Vertraulicher EU-Bericht
Konjunkturpakete könnten Welthandel bremsen

Hilfen für die US-Autobranche und verschiedene Maßnahmen aus Konjunkturprogrammen anderer Länder könnten einem vertraulichen Bericht der EU-Kommission zufolge den Welthandel behindern.

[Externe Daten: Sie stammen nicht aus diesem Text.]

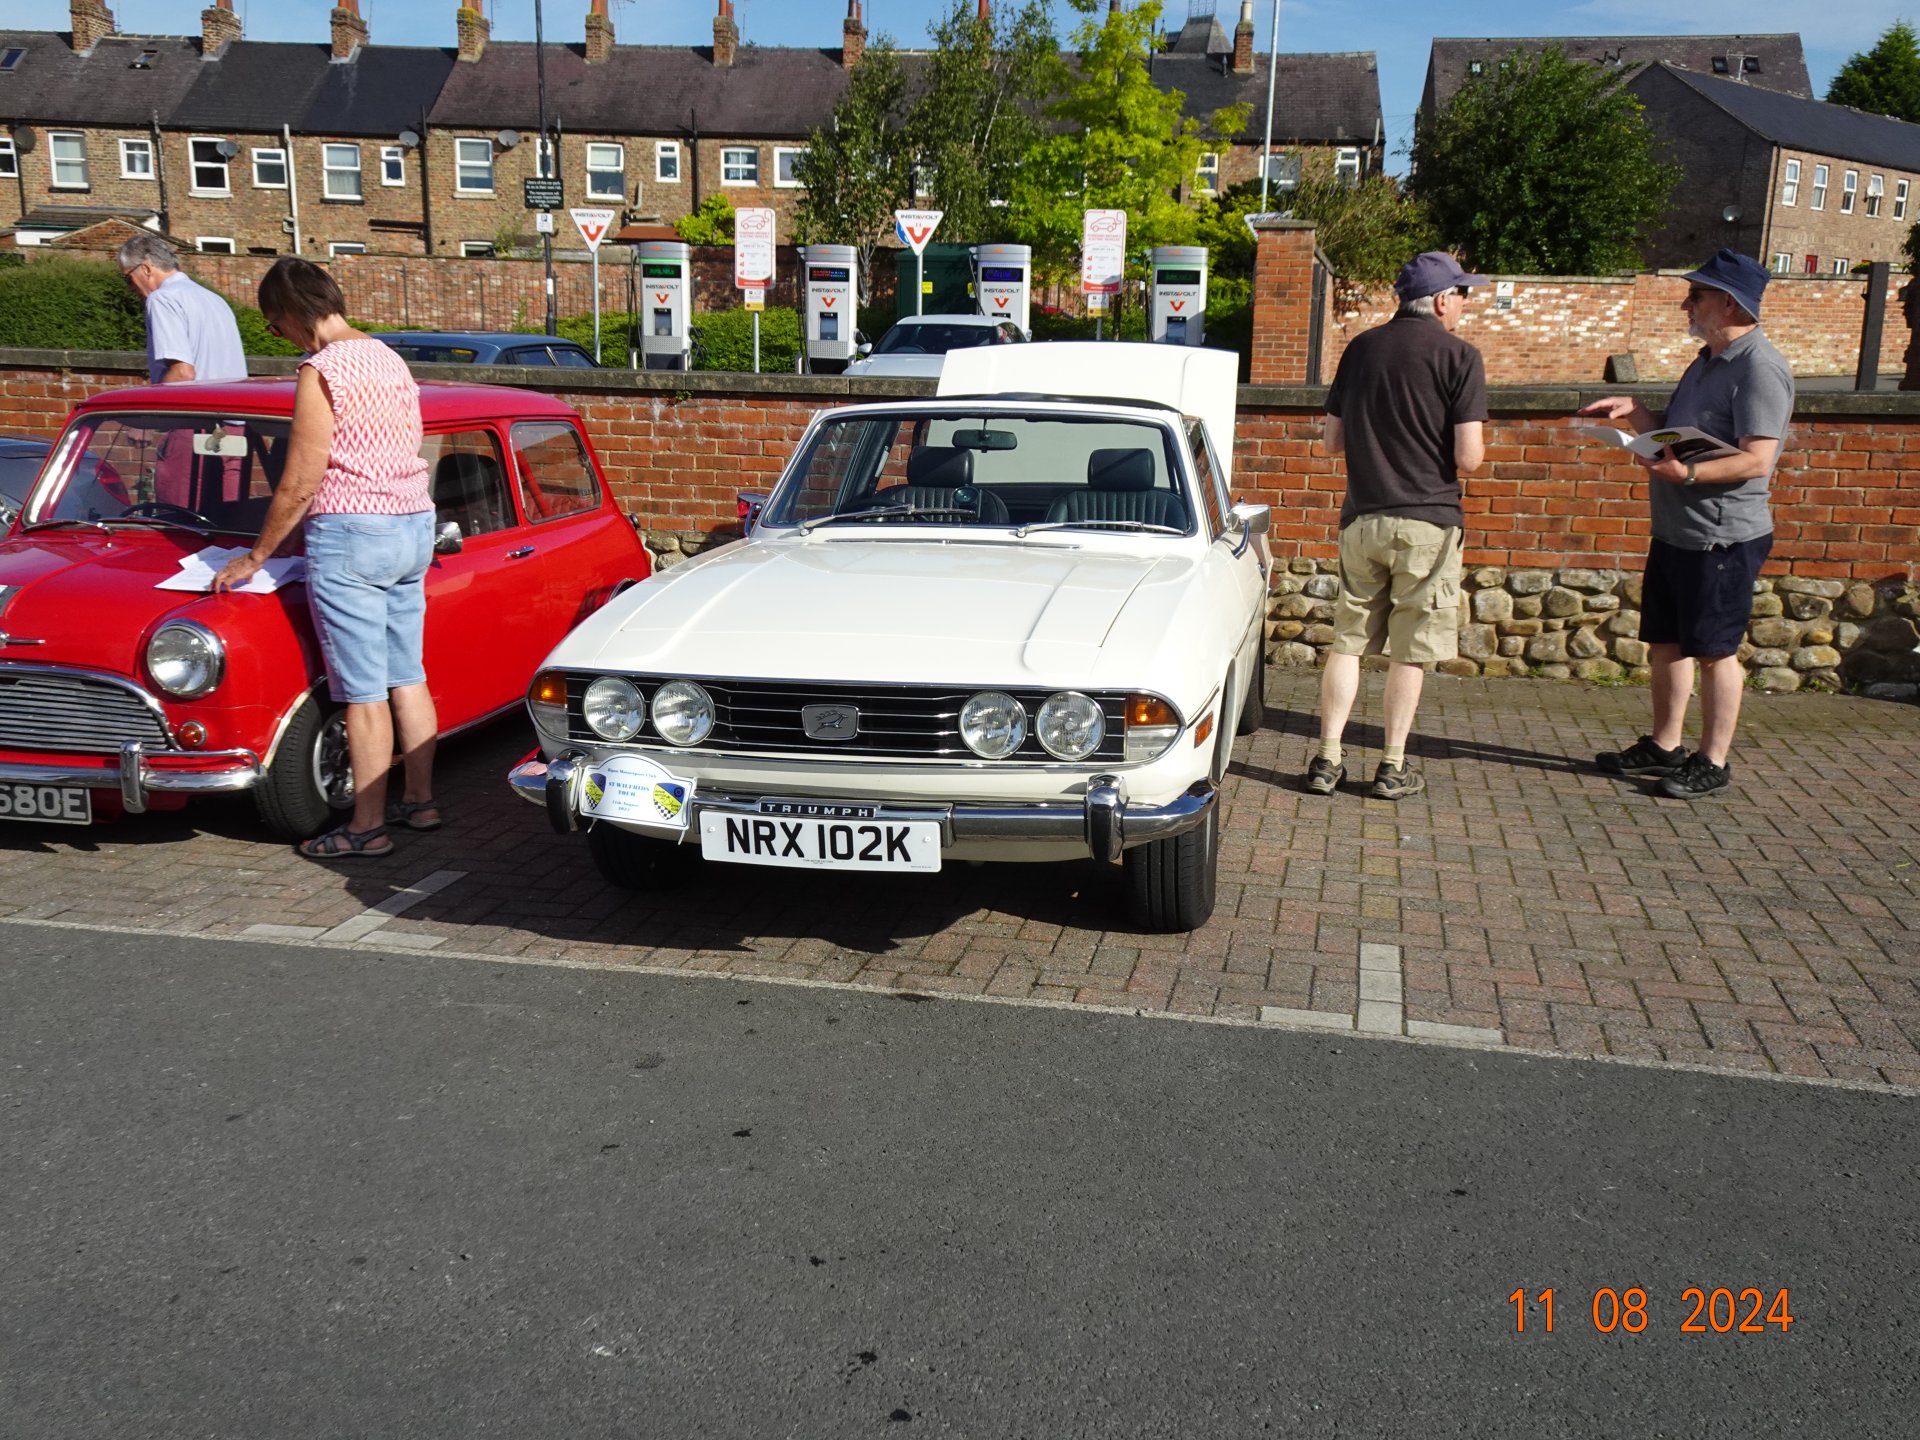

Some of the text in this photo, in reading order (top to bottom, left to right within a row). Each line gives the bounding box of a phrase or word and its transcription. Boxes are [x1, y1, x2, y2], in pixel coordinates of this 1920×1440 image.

[766, 803, 868, 818] TRIUMPH
[726, 817, 912, 863] NRX 102K

HB BRÜSSEL. Der größte Teil dessen, was in den Programmen enthalten sei, helfe Unternehmen im eigenen Land genauso wie Firmen im Ausland und der Importwirtschaft, heißt es in dem Bericht, der Reuters vorliegt. „Andere Elemente zielen aber darauf hinaus, allein nationale Industriesektoren zu stärken, und das könnte den weltweiten Handel stören.“

Dabei bezog sich die Kommission besonders auf solche direkten Subventionen, die gezielt an einzelne Unternehmen oder Branchen gerichtet sind, wie die Kredite für die US-Autohersteller Chrysler und General Motors. Neben den USA werden auch China und Russland wegen Teilen der Konjunkturprogramme kritisiert. Der Bericht sollte den Regierungen der EU-Mitgliedsstaaten am Freitag übergeben werden.

Im Zuge der schwersten Rezession seit den 1930er Jahren ist der Welthandel kräftig zurückgegangen. Der Internationale Währungsfonds (IWF) erwartet einen Einbruch des Handels um mehr als zehn Prozent in diesem Jahr.